His goal in writing the letters, as he explains in Letter 6, “was to show you [that is, his son] the importance of devoting your own faculties to this pursuit [that is, studying the Bible].” As he notes, “No book in the world deserves to be so unceasingly studied, and so profoundly meditated upon as the Bible…. To read the Bible is of itself a laudable occupation and can scarcely fail of being a useful employment of time; but the habit of reflecting upon what you have read is equally essential as that of reading itself.”
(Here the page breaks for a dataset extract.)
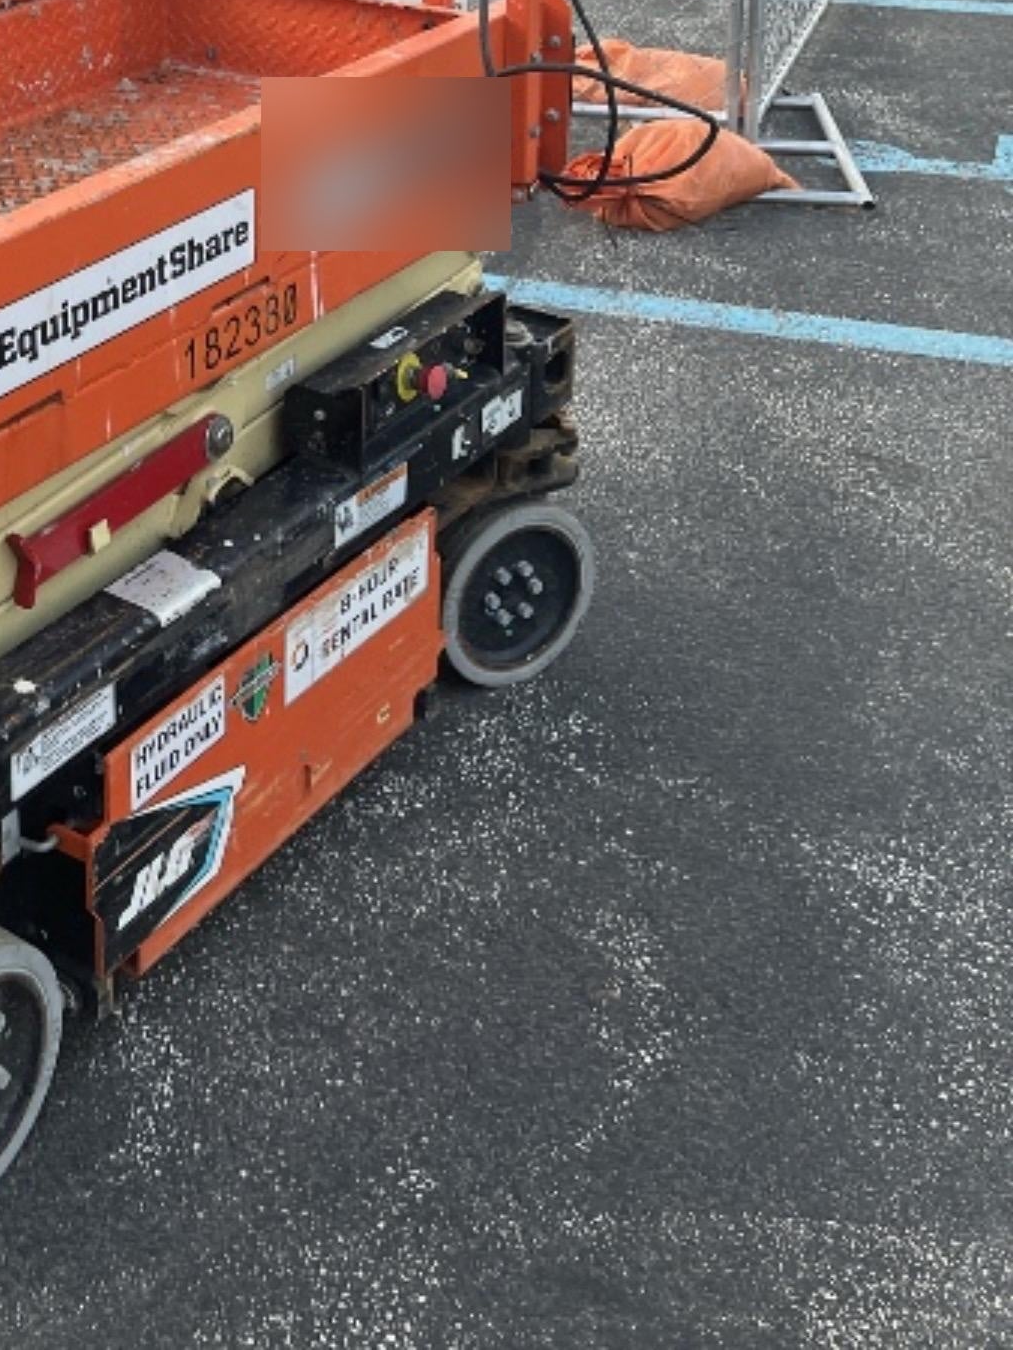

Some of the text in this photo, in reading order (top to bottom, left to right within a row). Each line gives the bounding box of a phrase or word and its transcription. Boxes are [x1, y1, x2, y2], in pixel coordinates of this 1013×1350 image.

[184, 282, 297, 379] 182380
[135, 683, 223, 766] HYDRAULIC
[135, 748, 181, 799] FLUID
Adams recommends approaching Bible study in four ways: first, as divine revelation; second, as historical records; third, as a system of morals; and fourth, as literary composition. Scattered within the letters are glorious insights about the Bible. For example, Adams explains that one of the strongest proofs for the divine origin of the Mosaic law is that the laws of nearly every other society have “perished entirely [from history] and been obliterated from the memory of mankind.” By contrast, the Mosaic laws — sneeringly characterized by Tacitus as “the laws of a paltry tribe of shepherds” — “not only have survived the wreck of those empires, but remain this rules of faith and practice to every enlightened nation of the world.”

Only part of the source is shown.